Records excerpted from a collection:

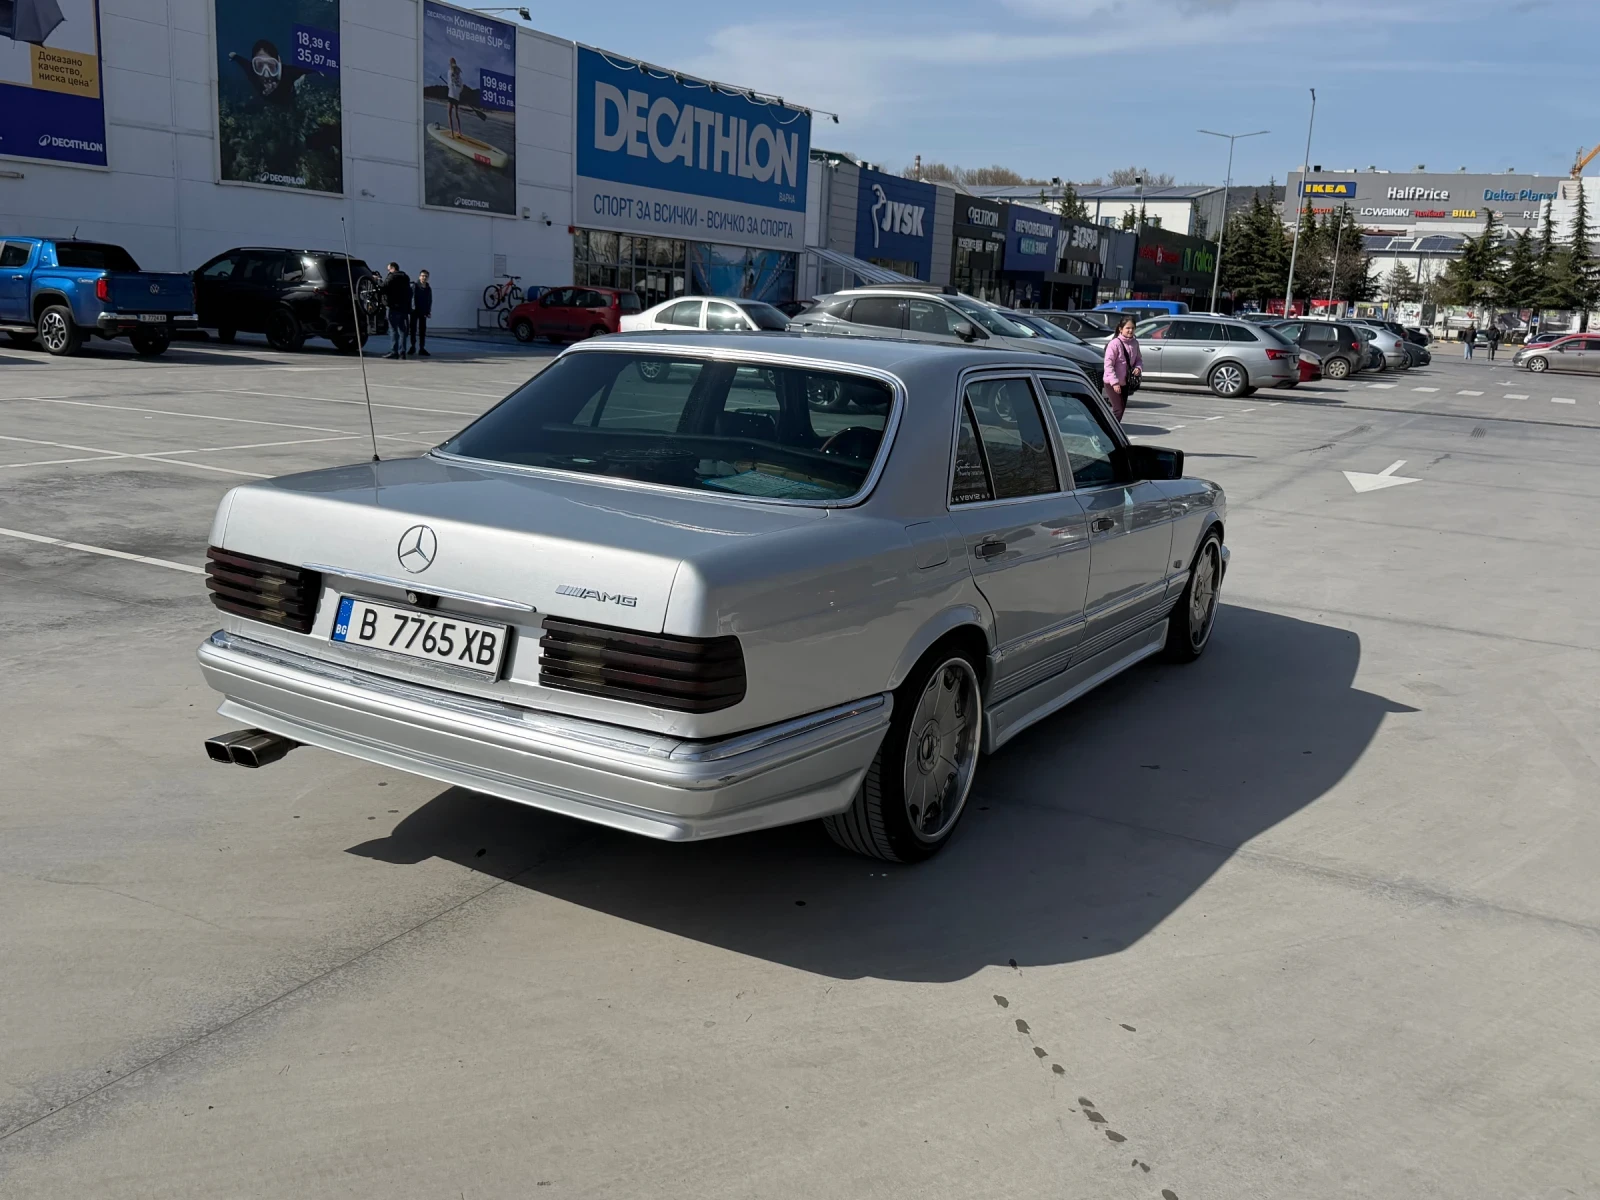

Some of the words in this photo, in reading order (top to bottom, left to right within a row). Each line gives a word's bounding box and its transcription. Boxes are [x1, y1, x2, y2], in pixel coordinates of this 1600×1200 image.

[454, 16, 493, 35] Комплект
[297, 32, 323, 49] 18,39
[446, 26, 486, 44] надуваем
[487, 36, 503, 48] SUP
[38, 51, 83, 67] Доказано
[297, 48, 324, 65] 35,97
[326, 59, 339, 69] лв.
[38, 63, 83, 78] качество,
[38, 73, 66, 84] ниска
[483, 76, 507, 91] 199,99
[594, 80, 799, 188] DECATHLON
[52, 137, 103, 152] DECATHLON
[269, 173, 305, 185] DECATHLON
[1305, 184, 1347, 194] IKEA
[1483, 188, 1516, 201] Delta
[461, 198, 490, 208] DECATHLON
[778, 191, 796, 204] ВАРНА
[593, 194, 634, 220] СПОРТ
[636, 199, 651, 220] ЗА
[653, 203, 698, 226] ВСИЧКИ
[706, 210, 745, 233] ВСИЧКО
[746, 215, 759, 234] ЗА
[760, 218, 794, 239] СПОРТА
[881, 200, 926, 237] JYSK
[1452, 209, 1477, 218] BILLA
[581, 588, 638, 608] AMG
[335, 623, 348, 635] BG
[358, 607, 378, 641] B
[388, 613, 457, 657] 7765
[458, 627, 497, 666] XB

**YOUR GOAL**
Please repeat the records above exactly, omitting any pictures they contain.

**ANSWER**
Some of the words in this photo, in reading order (top to bottom, left to right within a row). Each line gives a word's bounding box and its transcription. Boxes are [x1, y1, x2, y2], in pixel coordinates of this 1600×1200 image.

[454, 16, 493, 35] Комплект
[297, 32, 323, 49] 18,39
[446, 26, 486, 44] надуваем
[487, 36, 503, 48] SUP
[38, 51, 83, 67] Доказано
[297, 48, 324, 65] 35,97
[326, 59, 339, 69] лв.
[38, 63, 83, 78] качество,
[38, 73, 66, 84] ниска
[483, 76, 507, 91] 199,99
[594, 80, 799, 188] DECATHLON
[52, 137, 103, 152] DECATHLON
[269, 173, 305, 185] DECATHLON
[1305, 184, 1347, 194] IKEA
[1483, 188, 1516, 201] Delta
[461, 198, 490, 208] DECATHLON
[778, 191, 796, 204] ВАРНА
[593, 194, 634, 220] СПОРТ
[636, 199, 651, 220] ЗА
[653, 203, 698, 226] ВСИЧКИ
[706, 210, 745, 233] ВСИЧКО
[746, 215, 759, 234] ЗА
[760, 218, 794, 239] СПОРТА
[881, 200, 926, 237] JYSK
[1452, 209, 1477, 218] BILLA
[581, 588, 638, 608] AMG
[335, 623, 348, 635] BG
[358, 607, 378, 641] B
[388, 613, 457, 657] 7765
[458, 627, 497, 666] XB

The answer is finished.